#### Task objective
The entries below should be written out again exactly as they stand.

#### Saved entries
####

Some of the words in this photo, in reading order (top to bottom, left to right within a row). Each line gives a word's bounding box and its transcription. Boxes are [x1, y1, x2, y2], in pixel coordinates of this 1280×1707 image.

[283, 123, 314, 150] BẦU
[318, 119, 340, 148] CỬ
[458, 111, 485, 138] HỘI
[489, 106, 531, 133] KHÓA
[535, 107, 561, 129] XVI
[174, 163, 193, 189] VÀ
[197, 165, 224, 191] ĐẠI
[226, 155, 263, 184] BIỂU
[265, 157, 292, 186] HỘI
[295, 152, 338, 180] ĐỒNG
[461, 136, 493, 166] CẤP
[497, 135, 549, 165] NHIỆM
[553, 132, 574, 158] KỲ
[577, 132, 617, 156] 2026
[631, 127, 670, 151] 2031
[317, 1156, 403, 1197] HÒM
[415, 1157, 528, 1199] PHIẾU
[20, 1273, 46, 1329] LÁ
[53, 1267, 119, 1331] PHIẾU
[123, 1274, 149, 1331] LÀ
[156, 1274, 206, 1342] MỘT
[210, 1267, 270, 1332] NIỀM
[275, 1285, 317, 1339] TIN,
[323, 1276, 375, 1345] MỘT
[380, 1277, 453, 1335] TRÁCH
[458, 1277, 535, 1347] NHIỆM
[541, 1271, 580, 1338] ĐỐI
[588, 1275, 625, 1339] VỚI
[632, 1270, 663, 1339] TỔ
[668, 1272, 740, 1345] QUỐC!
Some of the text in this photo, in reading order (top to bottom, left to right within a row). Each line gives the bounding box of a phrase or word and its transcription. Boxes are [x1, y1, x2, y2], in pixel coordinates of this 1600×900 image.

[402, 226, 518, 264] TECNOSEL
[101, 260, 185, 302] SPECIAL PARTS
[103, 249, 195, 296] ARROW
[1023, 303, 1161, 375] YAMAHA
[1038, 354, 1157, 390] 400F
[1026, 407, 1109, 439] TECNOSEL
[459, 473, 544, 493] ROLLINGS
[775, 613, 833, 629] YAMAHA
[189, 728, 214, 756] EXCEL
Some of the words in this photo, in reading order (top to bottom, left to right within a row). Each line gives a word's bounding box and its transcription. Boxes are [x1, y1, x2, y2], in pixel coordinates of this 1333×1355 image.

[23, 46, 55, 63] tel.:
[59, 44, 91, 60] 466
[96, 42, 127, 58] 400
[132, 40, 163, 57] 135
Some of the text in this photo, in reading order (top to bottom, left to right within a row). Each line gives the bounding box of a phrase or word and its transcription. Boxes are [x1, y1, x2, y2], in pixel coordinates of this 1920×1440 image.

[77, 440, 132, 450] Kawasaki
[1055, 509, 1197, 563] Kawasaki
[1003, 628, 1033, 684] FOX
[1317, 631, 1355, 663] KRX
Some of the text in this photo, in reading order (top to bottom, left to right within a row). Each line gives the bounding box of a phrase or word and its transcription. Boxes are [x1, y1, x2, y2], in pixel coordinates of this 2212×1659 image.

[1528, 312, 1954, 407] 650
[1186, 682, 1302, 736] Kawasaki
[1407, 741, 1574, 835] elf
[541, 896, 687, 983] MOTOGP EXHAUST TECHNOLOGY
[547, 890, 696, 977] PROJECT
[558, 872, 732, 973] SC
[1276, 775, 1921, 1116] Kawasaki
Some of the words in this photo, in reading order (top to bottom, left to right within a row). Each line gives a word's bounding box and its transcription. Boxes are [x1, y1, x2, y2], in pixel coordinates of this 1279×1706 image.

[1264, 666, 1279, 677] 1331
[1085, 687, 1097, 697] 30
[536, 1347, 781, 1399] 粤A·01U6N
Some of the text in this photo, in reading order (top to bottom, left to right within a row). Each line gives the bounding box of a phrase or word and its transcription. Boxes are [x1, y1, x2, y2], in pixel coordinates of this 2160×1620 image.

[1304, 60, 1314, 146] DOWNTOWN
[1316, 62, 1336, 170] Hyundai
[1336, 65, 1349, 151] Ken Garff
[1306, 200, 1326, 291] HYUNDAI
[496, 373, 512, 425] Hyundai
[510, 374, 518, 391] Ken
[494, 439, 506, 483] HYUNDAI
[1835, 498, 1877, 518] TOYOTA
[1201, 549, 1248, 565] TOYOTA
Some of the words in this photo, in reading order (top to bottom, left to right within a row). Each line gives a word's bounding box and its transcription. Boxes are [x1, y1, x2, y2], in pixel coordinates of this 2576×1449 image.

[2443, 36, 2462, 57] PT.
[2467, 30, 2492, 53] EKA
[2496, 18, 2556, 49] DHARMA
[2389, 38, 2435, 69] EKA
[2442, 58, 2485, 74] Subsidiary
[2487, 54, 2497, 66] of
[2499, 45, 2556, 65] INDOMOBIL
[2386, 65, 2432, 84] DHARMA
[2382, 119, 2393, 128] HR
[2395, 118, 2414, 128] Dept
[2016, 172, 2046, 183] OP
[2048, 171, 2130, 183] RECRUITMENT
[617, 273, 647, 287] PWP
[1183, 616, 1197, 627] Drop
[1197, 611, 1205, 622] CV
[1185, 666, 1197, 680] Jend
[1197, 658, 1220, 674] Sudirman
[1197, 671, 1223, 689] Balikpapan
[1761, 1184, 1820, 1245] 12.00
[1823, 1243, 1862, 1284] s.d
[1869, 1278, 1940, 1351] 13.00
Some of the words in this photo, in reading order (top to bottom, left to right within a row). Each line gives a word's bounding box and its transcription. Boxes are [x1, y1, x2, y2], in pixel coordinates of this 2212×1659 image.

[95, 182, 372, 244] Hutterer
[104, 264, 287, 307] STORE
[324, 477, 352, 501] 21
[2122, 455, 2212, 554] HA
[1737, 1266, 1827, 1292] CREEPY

####

#### Output of the exercise
Some of the words in this photo, in reading order (top to bottom, left to right within a row). Each line gives a word's bounding box and its transcription. Boxes are [x1, y1, x2, y2], in pixel coordinates of this 1280×1707 image.

[283, 123, 314, 150] BẦU
[318, 119, 340, 148] CỬ
[458, 111, 485, 138] HỘI
[489, 106, 531, 133] KHÓA
[535, 107, 561, 129] XVI
[174, 163, 193, 189] VÀ
[197, 165, 224, 191] ĐẠI
[226, 155, 263, 184] BIỂU
[265, 157, 292, 186] HỘI
[295, 152, 338, 180] ĐỒNG
[461, 136, 493, 166] CẤP
[497, 135, 549, 165] NHIỆM
[553, 132, 574, 158] KỲ
[577, 132, 617, 156] 2026
[631, 127, 670, 151] 2031
[317, 1156, 403, 1197] HÒM
[415, 1157, 528, 1199] PHIẾU
[20, 1273, 46, 1329] LÁ
[53, 1267, 119, 1331] PHIẾU
[123, 1274, 149, 1331] LÀ
[156, 1274, 206, 1342] MỘT
[210, 1267, 270, 1332] NIỀM
[275, 1285, 317, 1339] TIN,
[323, 1276, 375, 1345] MỘT
[380, 1277, 453, 1335] TRÁCH
[458, 1277, 535, 1347] NHIỆM
[541, 1271, 580, 1338] ĐỐI
[588, 1275, 625, 1339] VỚI
[632, 1270, 663, 1339] TỔ
[668, 1272, 740, 1345] QUỐC!
Some of the text in this photo, in reading order (top to bottom, left to right within a row). Each line gives the bounding box of a phrase or word and its transcription. Boxes are [x1, y1, x2, y2], in pixel coordinates of this 1600×900 image.

[402, 226, 518, 264] TECNOSEL
[101, 260, 185, 302] SPECIAL PARTS
[103, 249, 195, 296] ARROW
[1023, 303, 1161, 375] YAMAHA
[1038, 354, 1157, 390] 400F
[1026, 407, 1109, 439] TECNOSEL
[459, 473, 544, 493] ROLLINGS
[775, 613, 833, 629] YAMAHA
[189, 728, 214, 756] EXCEL
Some of the words in this photo, in reading order (top to bottom, left to right within a row). Each line gives a word's bounding box and its transcription. Boxes are [x1, y1, x2, y2], in pixel coordinates of this 1333×1355 image.

[23, 46, 55, 63] tel.:
[59, 44, 91, 60] 466
[96, 42, 127, 58] 400
[132, 40, 163, 57] 135
Some of the text in this photo, in reading order (top to bottom, left to right within a row). Each line gives the bounding box of a phrase or word and its transcription. Boxes are [x1, y1, x2, y2], in pixel coordinates of this 1920×1440 image.

[77, 440, 132, 450] Kawasaki
[1055, 509, 1197, 563] Kawasaki
[1003, 628, 1033, 684] FOX
[1317, 631, 1355, 663] KRX
Some of the text in this photo, in reading order (top to bottom, left to right within a row). Each line gives the bounding box of a phrase or word and its transcription. Boxes are [x1, y1, x2, y2], in pixel coordinates of this 2212×1659 image.

[1528, 312, 1954, 407] 650
[1186, 682, 1302, 736] Kawasaki
[1407, 741, 1574, 835] elf
[541, 896, 687, 983] MOTOGP EXHAUST TECHNOLOGY
[547, 890, 696, 977] PROJECT
[558, 872, 732, 973] SC
[1276, 775, 1921, 1116] Kawasaki
Some of the words in this photo, in reading order (top to bottom, left to right within a row). Each line gives a word's bounding box and its transcription. Boxes are [x1, y1, x2, y2], in pixel coordinates of this 1279×1706 image.

[1264, 666, 1279, 677] 1331
[1085, 687, 1097, 697] 30
[536, 1347, 781, 1399] 粤A·01U6N
Some of the text in this photo, in reading order (top to bottom, left to right within a row). Each line gives the bounding box of a phrase or word and its transcription. Boxes are [x1, y1, x2, y2], in pixel coordinates of this 2160×1620 image.

[1304, 60, 1314, 146] DOWNTOWN
[1316, 62, 1336, 170] Hyundai
[1336, 65, 1349, 151] Ken Garff
[1306, 200, 1326, 291] HYUNDAI
[496, 373, 512, 425] Hyundai
[510, 374, 518, 391] Ken
[494, 439, 506, 483] HYUNDAI
[1835, 498, 1877, 518] TOYOTA
[1201, 549, 1248, 565] TOYOTA
Some of the words in this photo, in reading order (top to bottom, left to right within a row). Each line gives a word's bounding box and its transcription. Boxes are [x1, y1, x2, y2], in pixel coordinates of this 2576×1449 image.

[2443, 36, 2462, 57] PT.
[2467, 30, 2492, 53] EKA
[2496, 18, 2556, 49] DHARMA
[2389, 38, 2435, 69] EKA
[2442, 58, 2485, 74] Subsidiary
[2487, 54, 2497, 66] of
[2499, 45, 2556, 65] INDOMOBIL
[2386, 65, 2432, 84] DHARMA
[2382, 119, 2393, 128] HR
[2395, 118, 2414, 128] Dept
[2016, 172, 2046, 183] OP
[2048, 171, 2130, 183] RECRUITMENT
[617, 273, 647, 287] PWP
[1183, 616, 1197, 627] Drop
[1197, 611, 1205, 622] CV
[1185, 666, 1197, 680] Jend
[1197, 658, 1220, 674] Sudirman
[1197, 671, 1223, 689] Balikpapan
[1761, 1184, 1820, 1245] 12.00
[1823, 1243, 1862, 1284] s.d
[1869, 1278, 1940, 1351] 13.00
Some of the words in this photo, in reading order (top to bottom, left to right within a row). Each line gives a word's bounding box and its transcription. Boxes are [x1, y1, x2, y2], in pixel coordinates of this 2212×1659 image.

[95, 182, 372, 244] Hutterer
[104, 264, 287, 307] STORE
[324, 477, 352, 501] 21
[2122, 455, 2212, 554] HA
[1737, 1266, 1827, 1292] CREEPY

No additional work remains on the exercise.